Using Command Buffers in Unity: Selective Bloom

Disclaimer: This post is a bit outdated since Unity has introduced the Scriptable Render Pipeline, which Catlike Coding has a better guide on than I’ll ever put in the time to write, LOL. However, if you’re using a legacy version of Unity that doesn’t have the SRP, or you want to write a single custom pipeline effect instead of extending the SRP, then the topics covered in this post are your best bet.

What this tutorial will cover

This is a pretty hefty tutorial that covers how to use command buffers in Unity for graphical effects that require extending the graphics pipeline. I’m going to illustrate the concept of extending the graphics pipeline by explaining how I built the system that creates this selective bloom effect.

The glowing effect in this tutorial is pretty boring, since the glow is a single solid color. I challenge you to modify the glow buffer step to actually render the model or utilize a custom emission map per-object… the possibilities are endless!
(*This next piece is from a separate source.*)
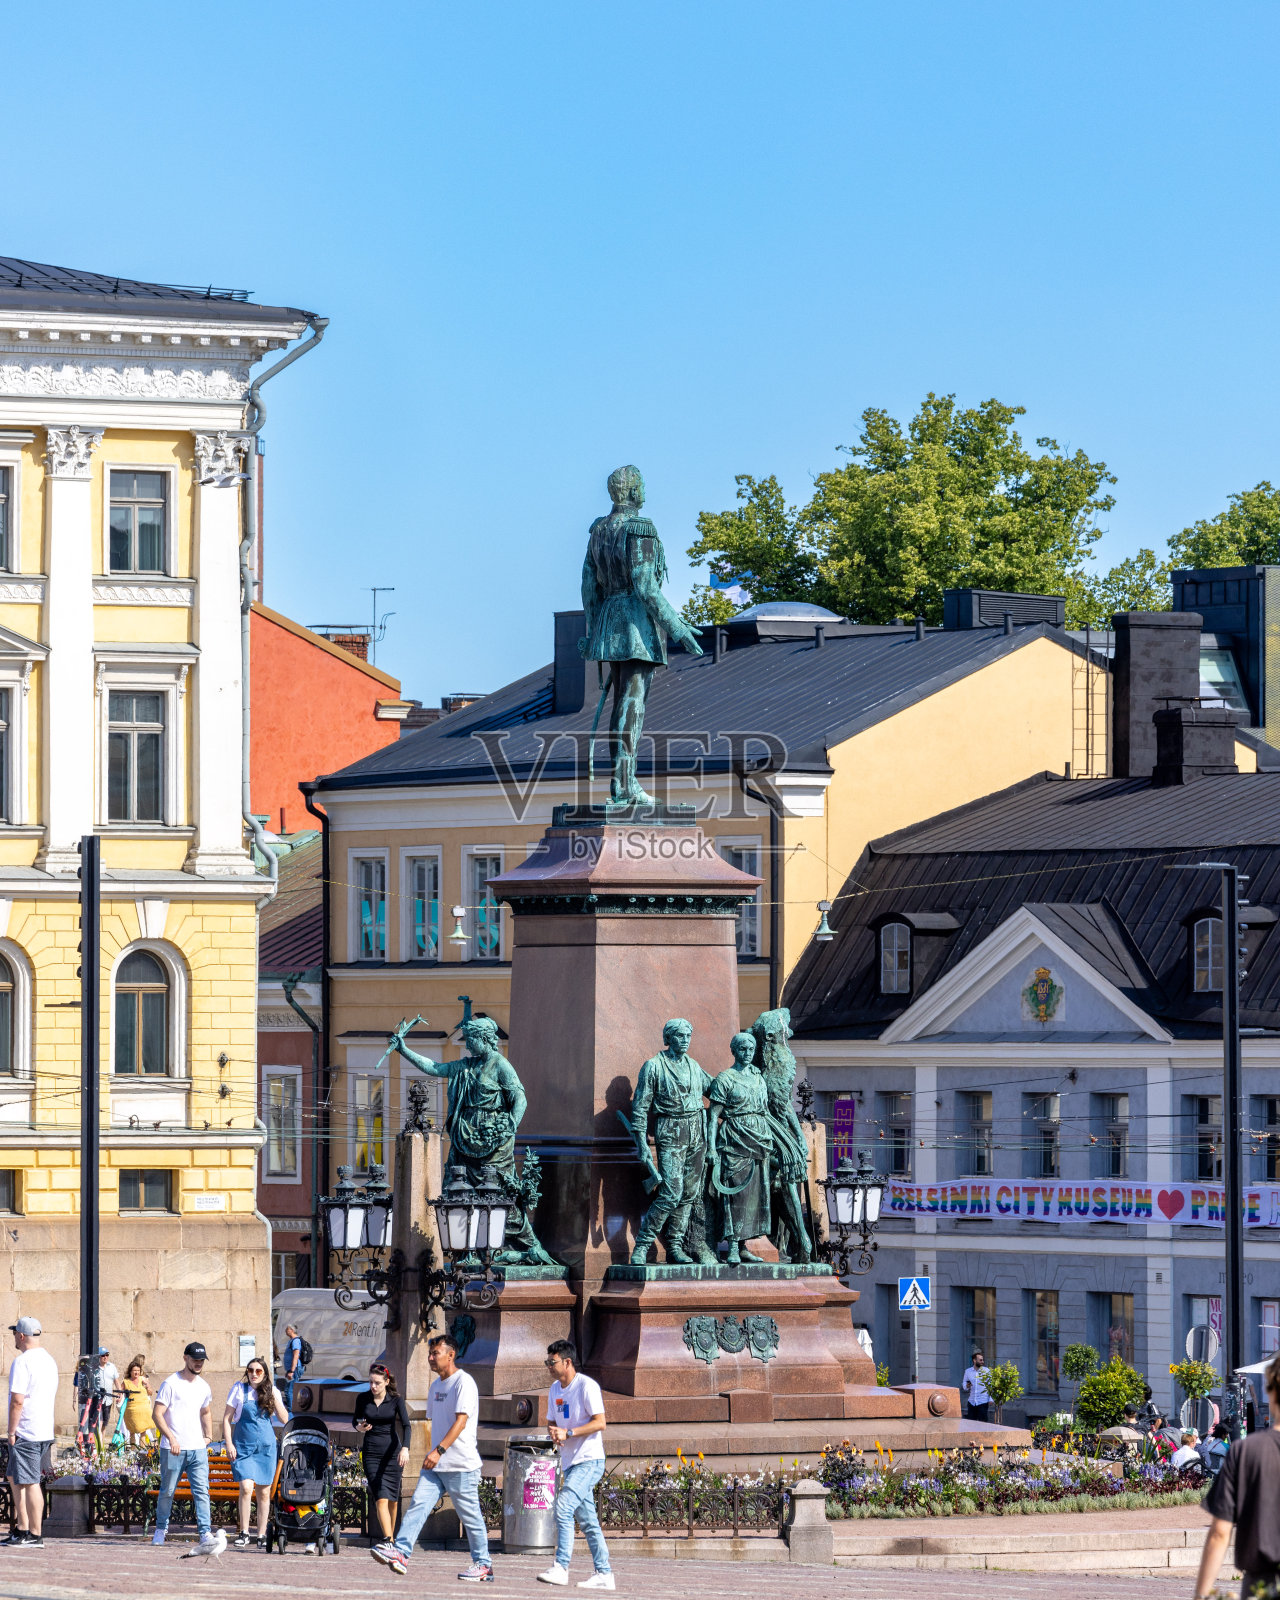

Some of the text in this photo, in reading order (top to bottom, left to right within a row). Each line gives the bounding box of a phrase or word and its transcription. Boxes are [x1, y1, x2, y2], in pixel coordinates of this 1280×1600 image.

[891, 1185, 990, 1214] HELSINKI
[996, 1186, 1054, 1216] CITY
[1058, 1187, 1152, 1217] MUSEUM
[1191, 1190, 1260, 1222] PRIE
The possibilities of what could be contained in this tutorial, however, are finite, so that’s why we’re focusing on this solid color glow.

Credit goes to Unity’s example project for command buffers, especially the one on decals, for helping me figure out how to utilize command buffers.

What you need to start

You’ll need some basic knowledge about how Unity’s rendering pipeline works, and what rendering pipelines do in general. I also recommend you check out Unity’s basic overview of command buffers before reading this.
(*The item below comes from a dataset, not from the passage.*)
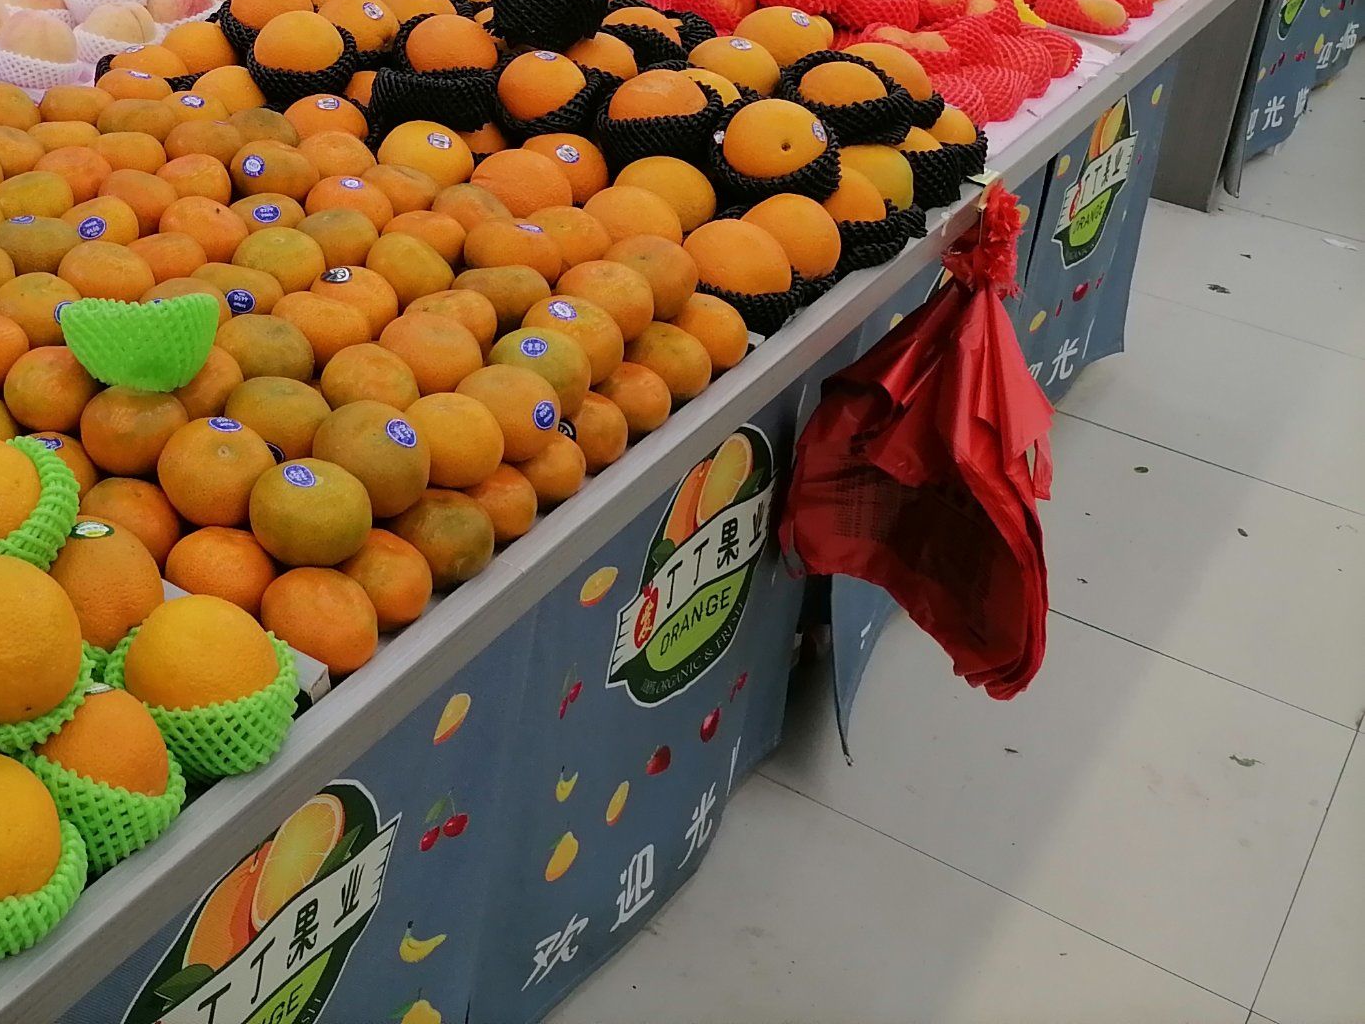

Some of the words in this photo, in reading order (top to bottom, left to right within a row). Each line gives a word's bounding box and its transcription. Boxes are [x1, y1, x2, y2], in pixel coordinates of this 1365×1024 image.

[665, 498, 767, 610] 丁丁果业
[659, 586, 732, 656] ORANGE
[197, 862, 368, 1024] 丁丁果业
You definitely also need to have some experience writing basic shaders. This blog is full of tutorials on shader writing that I strongly recommend you check out before diving into this one ;0

I also strongly recommend that you reference the Unity project on GitHub for this tutorial, as it completely implements everything we’re about to cover!

Introduction: How To Create a Selective Glow Effect

One normally implements bloom as a post-processing effect – as in, it operates on the camera’s finished image- using a blur applied to the whole image. The blurred image is then added back to the original with additive blending, which adds a fuzzy glow to the image.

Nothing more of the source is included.